» **Problem requirements**
The records below are to be restated word for word; their pictures are not.
# # # #
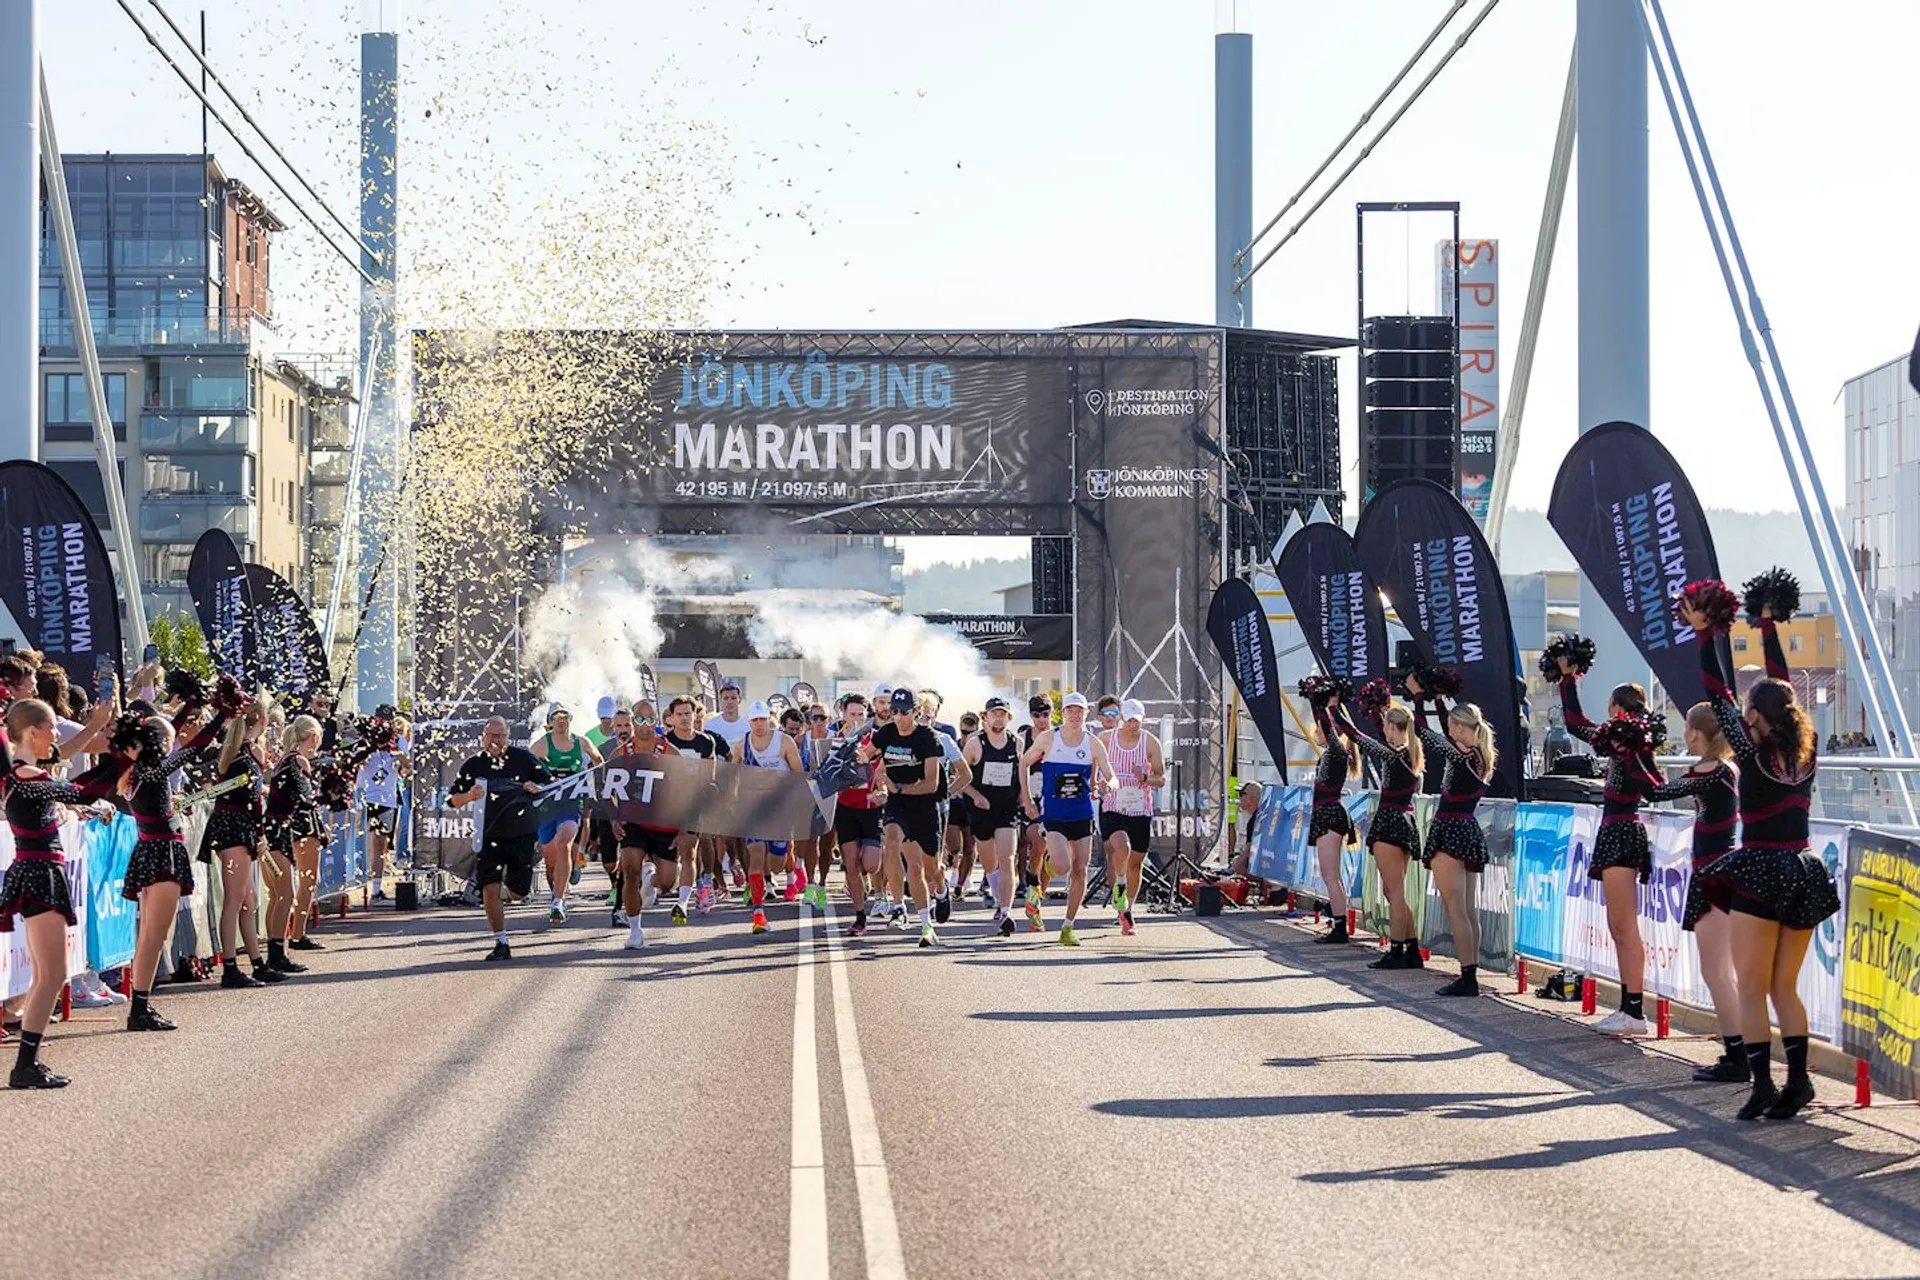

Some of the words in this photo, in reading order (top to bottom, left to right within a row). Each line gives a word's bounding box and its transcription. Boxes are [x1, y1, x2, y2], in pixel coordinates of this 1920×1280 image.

[1460, 240, 1495, 423] SPIRA
[677, 354, 956, 408] JÖNKÖPING
[1117, 389, 1209, 401] DESTINATION
[1117, 402, 1195, 416] JÖNKÖPING
[675, 423, 951, 470] MARATHON
[733, 482, 747, 496] M
[833, 482, 847, 496] M
[1115, 465, 1209, 482] JÖNKÖPINGS
[1115, 485, 1193, 498] KOMMUN
[37, 525, 66, 654] JÖNKÖPING
[62, 521, 92, 653] MARATHON
[1427, 538, 1458, 664] JÖNKÖPING
[1452, 535, 1483, 662] MARATHON
[1626, 493, 1670, 650] JÖNKÖPING
[952, 621, 1016, 633] MARATHON
[1247, 609, 1267, 697] MARATHON
[1330, 573, 1348, 677] JÖNKÖPING
[1348, 571, 1368, 677] MARATHON
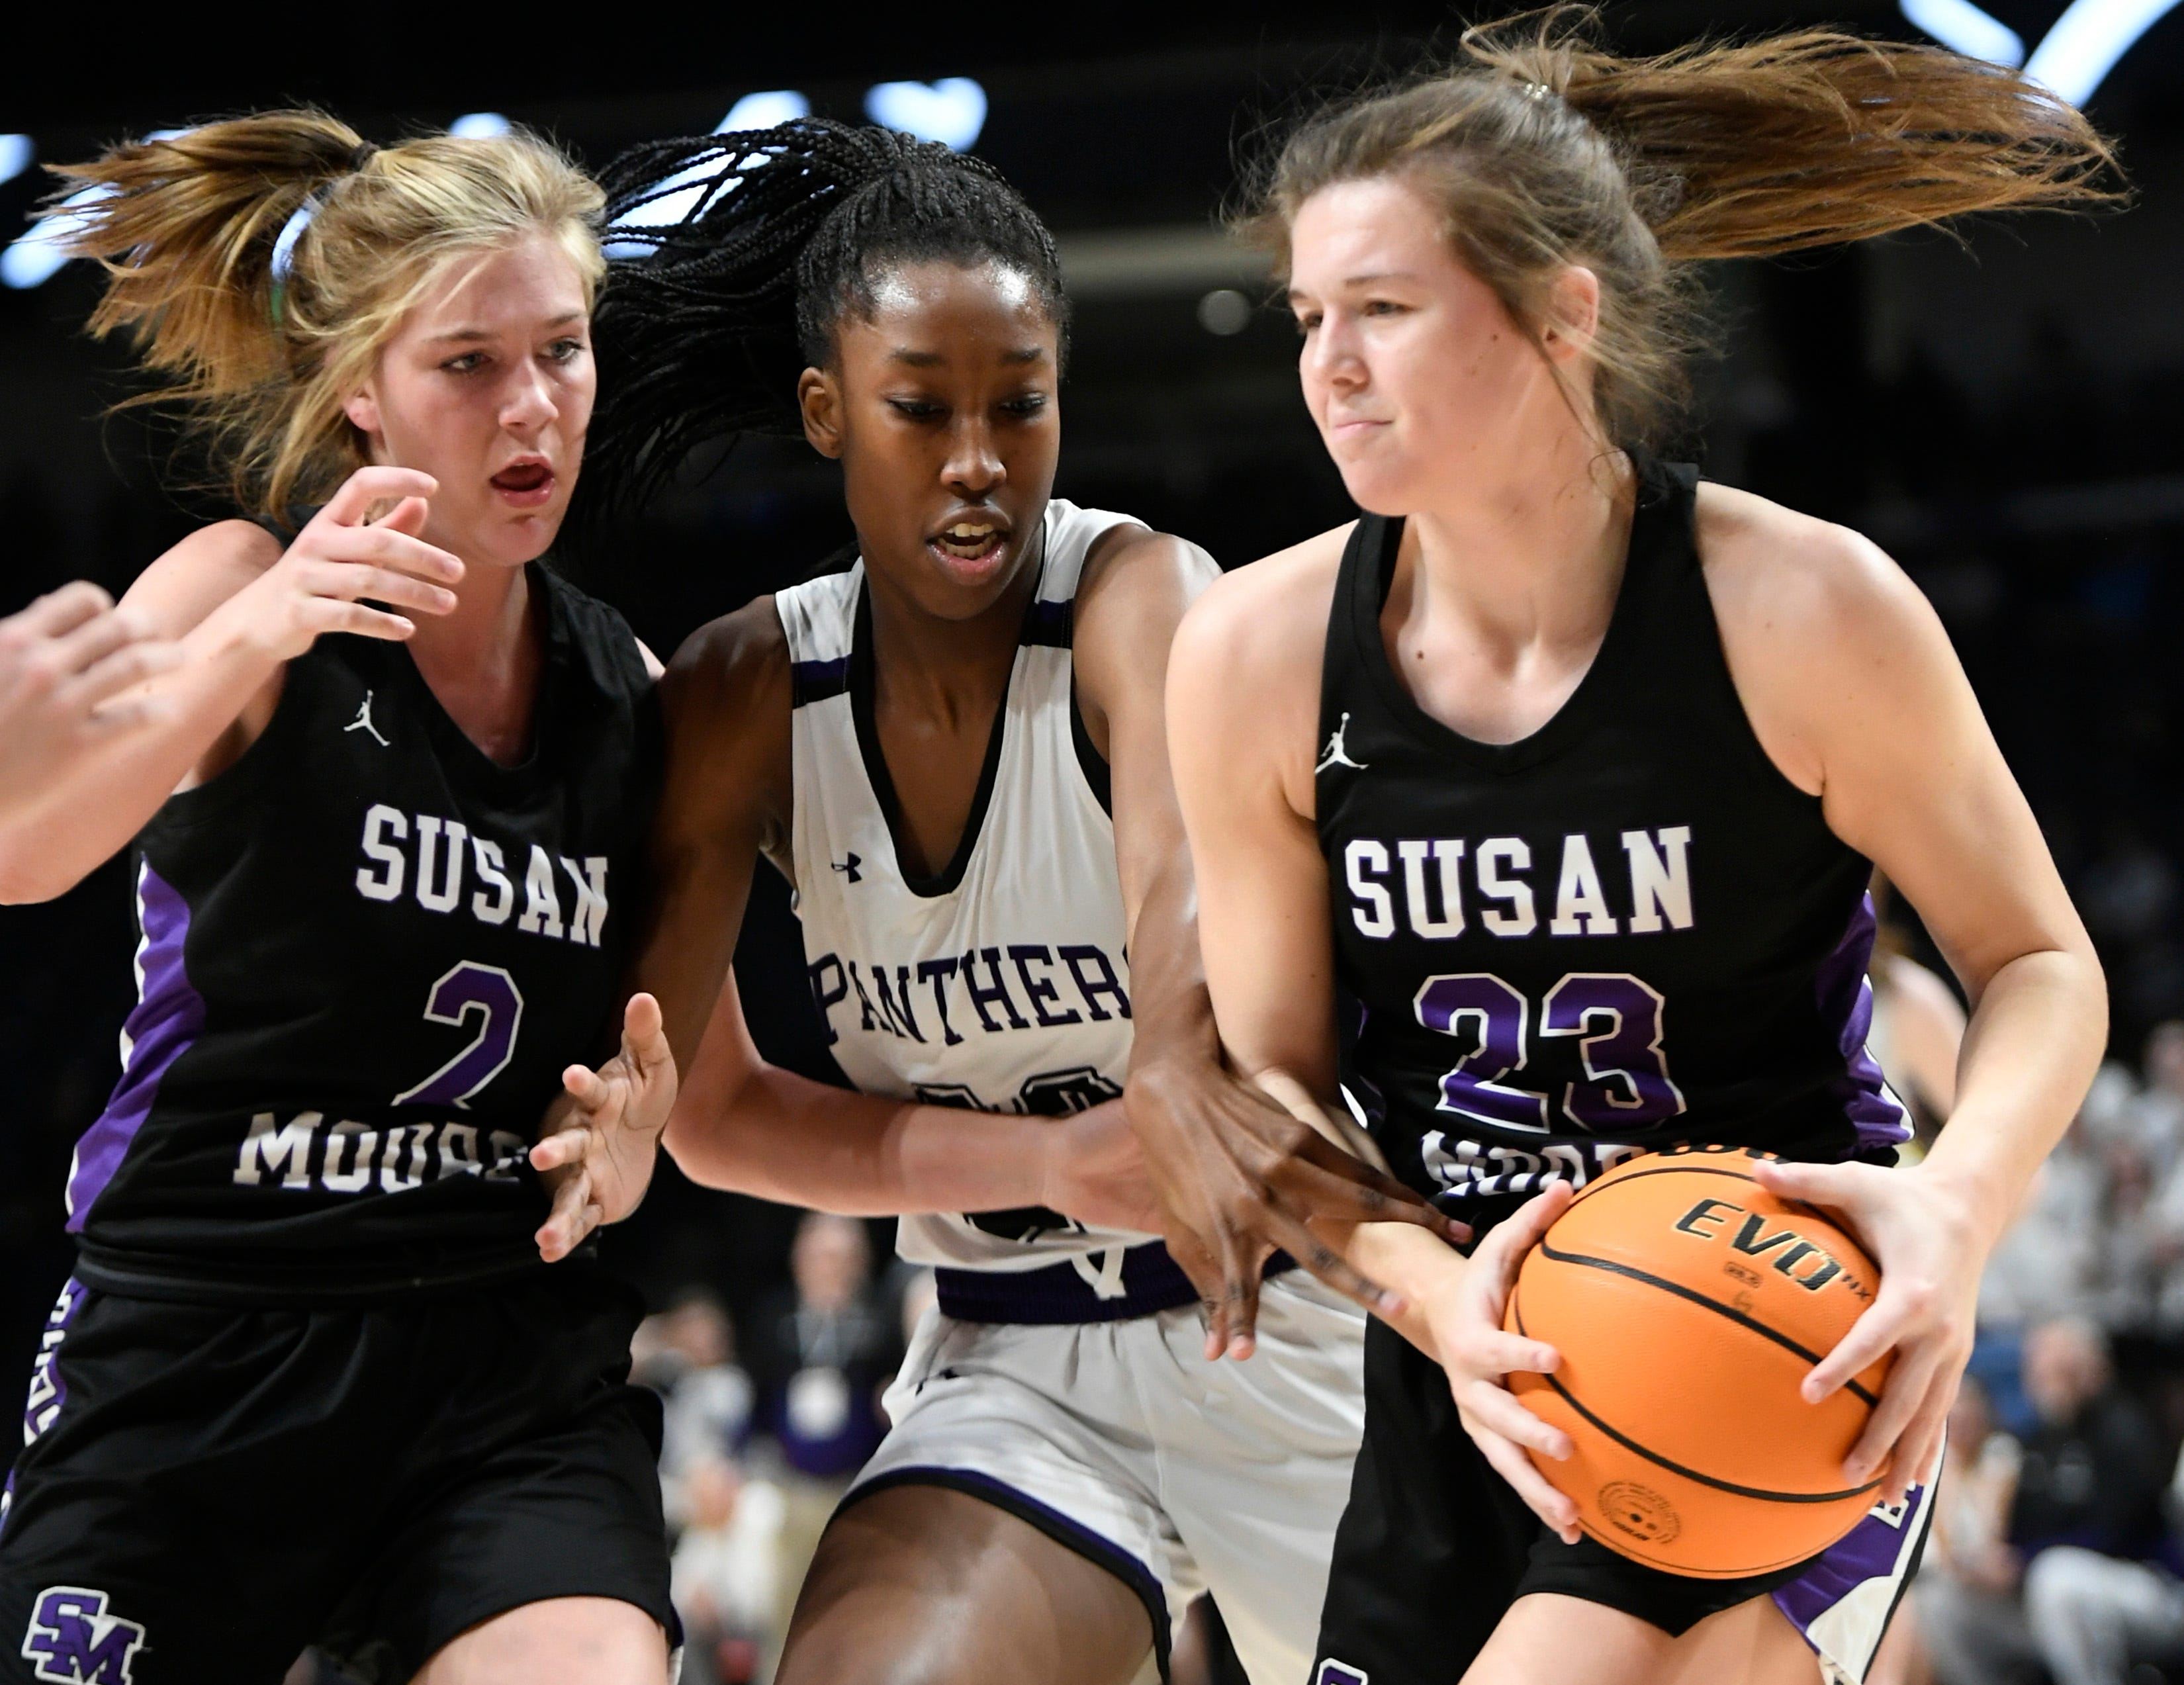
# # # #
» **Task solution**
Some of the words in this photo, in reading order (top to bottom, left to right within a row). Each line gives a word's bounding box and its transcription. Boxes are [x1, y1, x2, y2], in pixel coordinates of this 1920×1280 image.

[1460, 240, 1495, 423] SPIRA
[677, 354, 956, 408] JÖNKÖPING
[1117, 389, 1209, 401] DESTINATION
[1117, 402, 1195, 416] JÖNKÖPING
[675, 423, 951, 470] MARATHON
[733, 482, 747, 496] M
[833, 482, 847, 496] M
[1115, 465, 1209, 482] JÖNKÖPINGS
[1115, 485, 1193, 498] KOMMUN
[37, 525, 66, 654] JÖNKÖPING
[62, 521, 92, 653] MARATHON
[1427, 538, 1458, 664] JÖNKÖPING
[1452, 535, 1483, 662] MARATHON
[1626, 493, 1670, 650] JÖNKÖPING
[952, 621, 1016, 633] MARATHON
[1247, 609, 1267, 697] MARATHON
[1330, 573, 1348, 677] JÖNKÖPING
[1348, 571, 1368, 677] MARATHON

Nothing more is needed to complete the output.